INSTRUCTIONS TO FOLLOW: What you return must match the listing below line for line, minus its pictures.

TASK DATA:

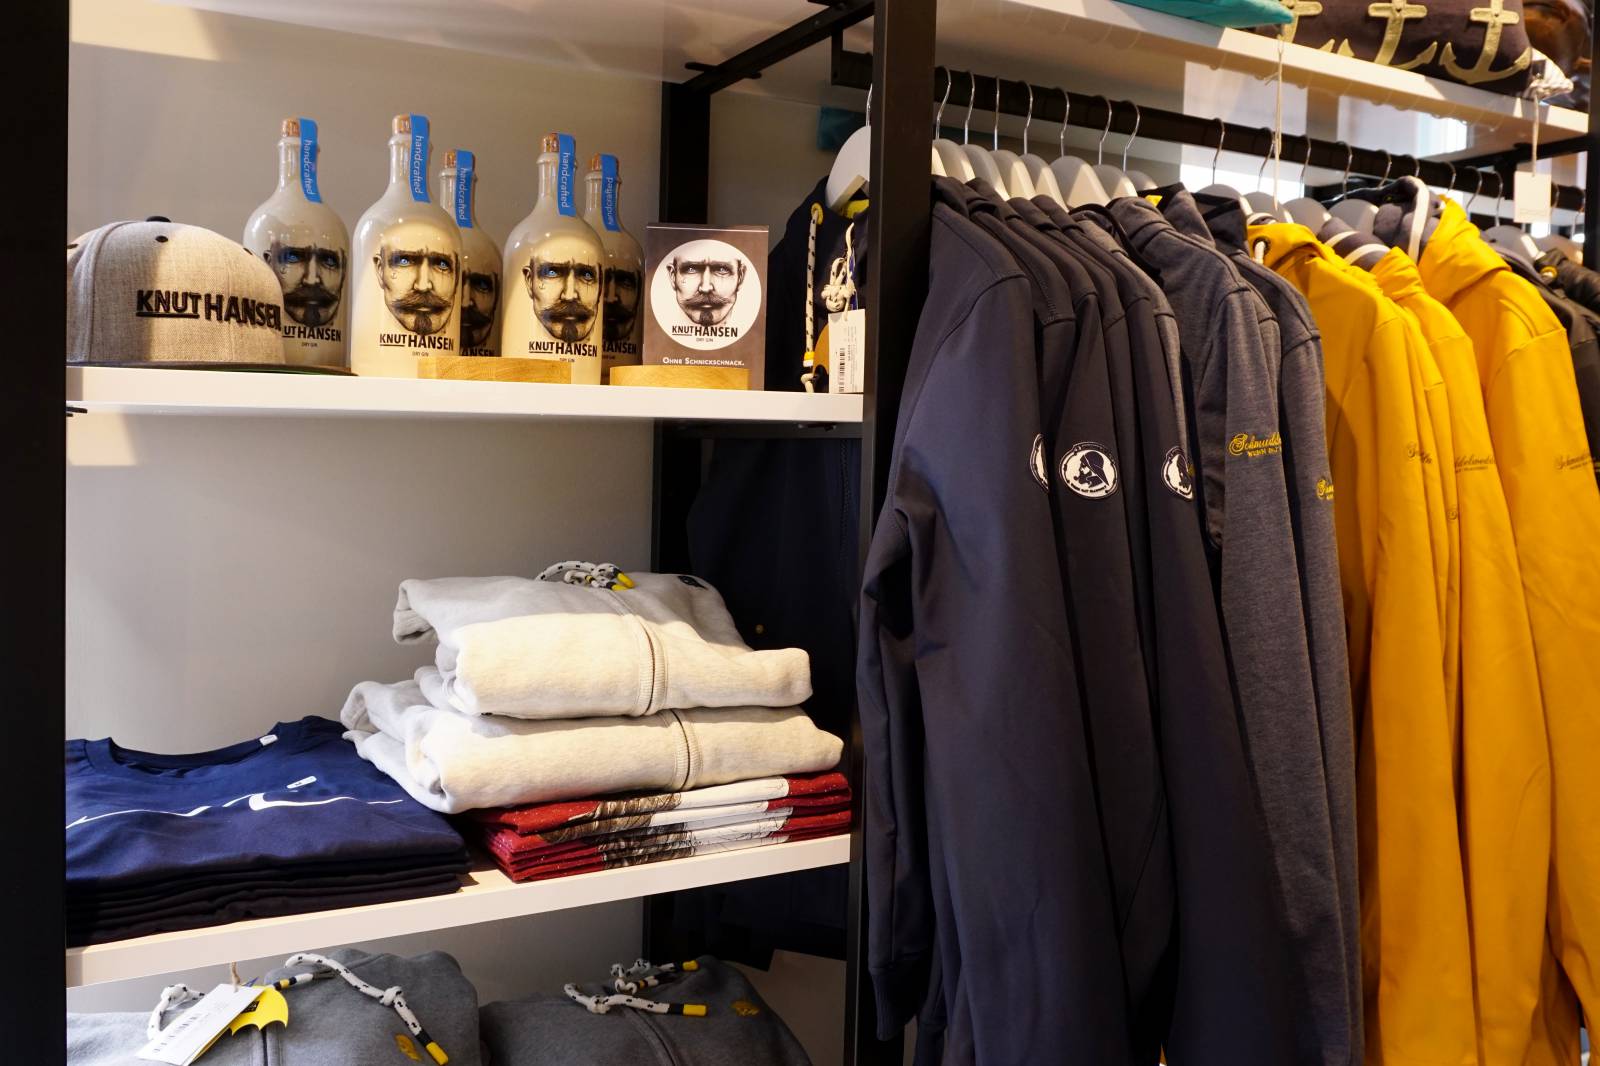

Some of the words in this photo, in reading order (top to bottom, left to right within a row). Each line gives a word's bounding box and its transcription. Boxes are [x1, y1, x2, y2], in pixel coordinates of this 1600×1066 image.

[304, 138, 318, 195] handcrafted
[413, 135, 425, 194] handcrafted
[561, 152, 571, 208] handcrafted
[458, 167, 469, 221] handcrafted

EXERCISE OUTPUT:
Some of the words in this photo, in reading order (top to bottom, left to right within a row). Each line gives a word's bounding box and its transcription. Boxes are [x1, y1, x2, y2], in pixel coordinates of this 1600×1066 image.

[304, 138, 318, 195] handcrafted
[413, 135, 425, 194] handcrafted
[561, 152, 571, 208] handcrafted
[458, 167, 469, 221] handcrafted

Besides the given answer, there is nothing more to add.